▸ Work required:
An exact transcription of every record below is required, with the pictures left out.

Saved entries

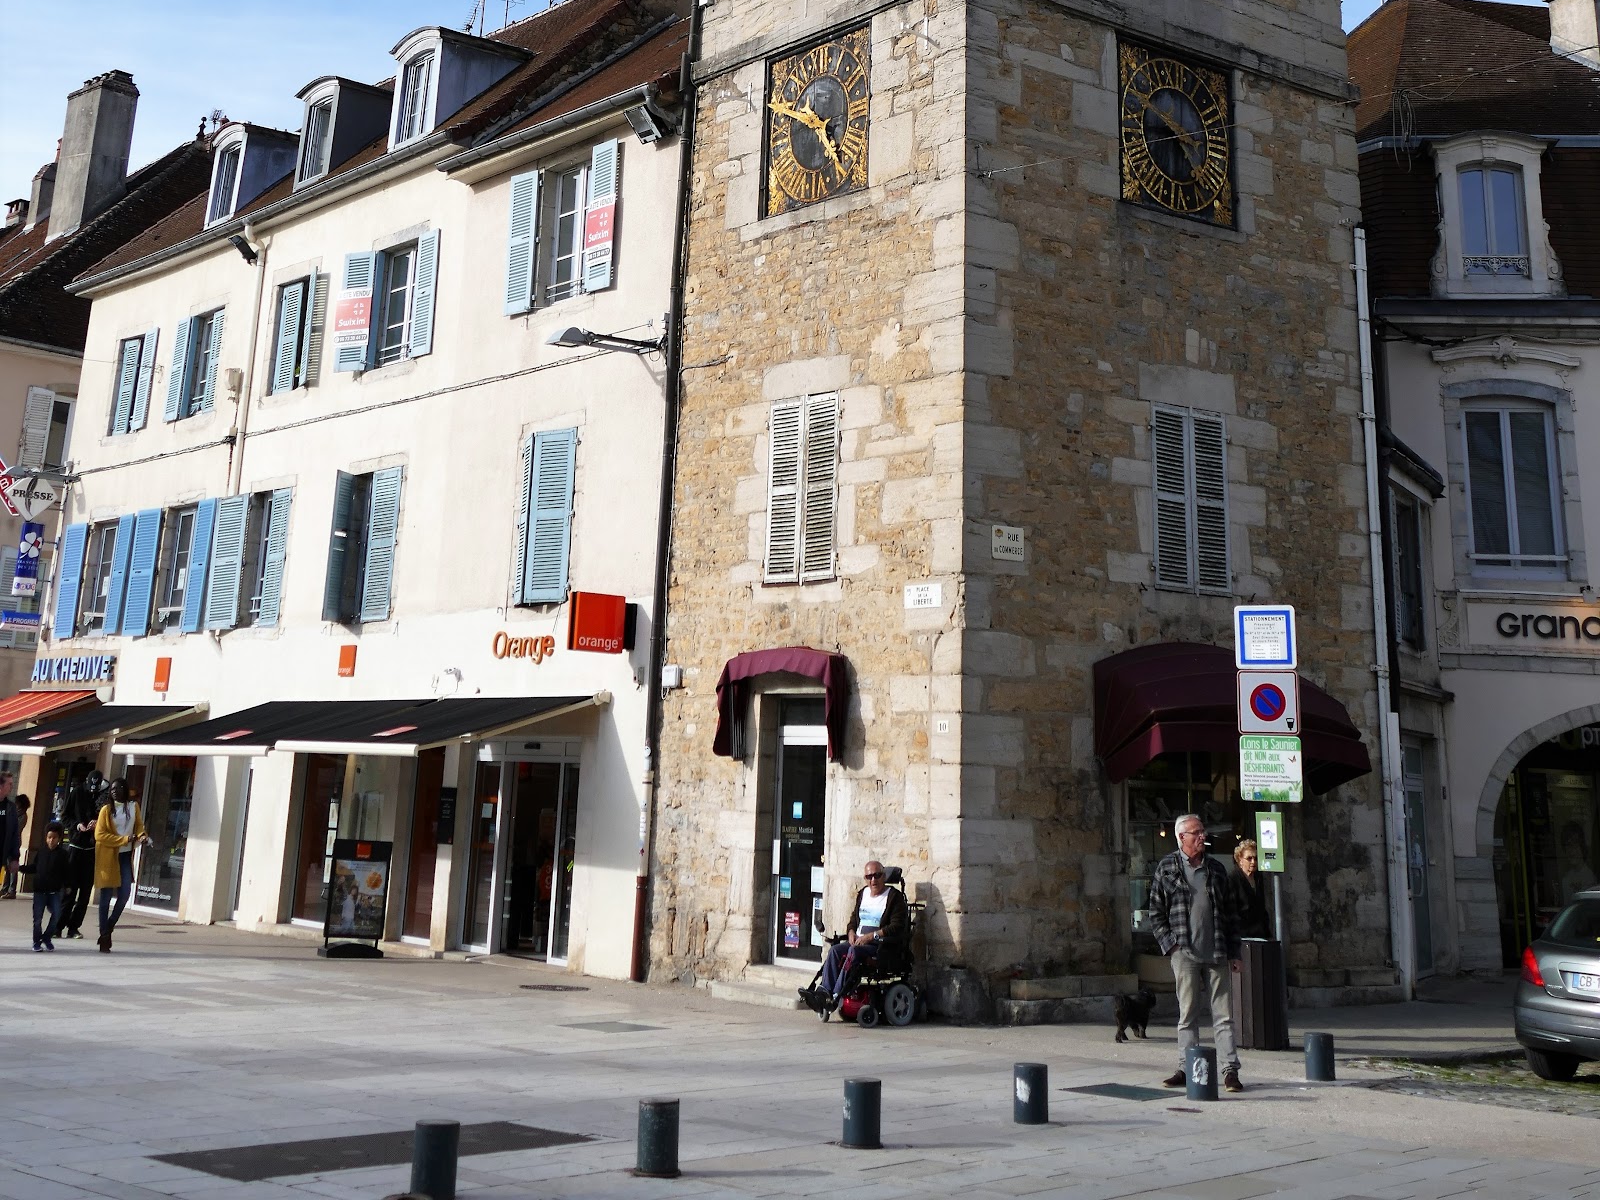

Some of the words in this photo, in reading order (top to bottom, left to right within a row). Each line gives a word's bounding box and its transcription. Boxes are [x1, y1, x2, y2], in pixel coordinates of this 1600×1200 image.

[338, 317, 366, 328] Swixim
[12, 489, 54, 502] PRESSE
[1007, 533, 1019, 542] RUE
[999, 545, 1023, 556] COMMERCE
[14, 582, 36, 591] LOTO
[492, 631, 555, 665] Orange
[578, 636, 619, 651] orange
[31, 658, 50, 681] AU
[51, 655, 113, 682] KHEDIVE
[939, 722, 947, 731] 10
[1243, 738, 1261, 750] Lons
[1262, 738, 1268, 750] le
[1270, 738, 1297, 751] Saunier
[1244, 751, 1253, 761] dit
[1254, 751, 1267, 761] NON
[1268, 753, 1281, 761] aux

▸ Your response:
Some of the words in this photo, in reading order (top to bottom, left to right within a row). Each line gives a word's bounding box and its transcription. Boxes are [x1, y1, x2, y2], in pixel coordinates of this 1600×1200 image.

[338, 317, 366, 328] Swixim
[12, 489, 54, 502] PRESSE
[1007, 533, 1019, 542] RUE
[999, 545, 1023, 556] COMMERCE
[14, 582, 36, 591] LOTO
[492, 631, 555, 665] Orange
[578, 636, 619, 651] orange
[31, 658, 50, 681] AU
[51, 655, 113, 682] KHEDIVE
[939, 722, 947, 731] 10
[1243, 738, 1261, 750] Lons
[1262, 738, 1268, 750] le
[1270, 738, 1297, 751] Saunier
[1244, 751, 1253, 761] dit
[1254, 751, 1267, 761] NON
[1268, 753, 1281, 761] aux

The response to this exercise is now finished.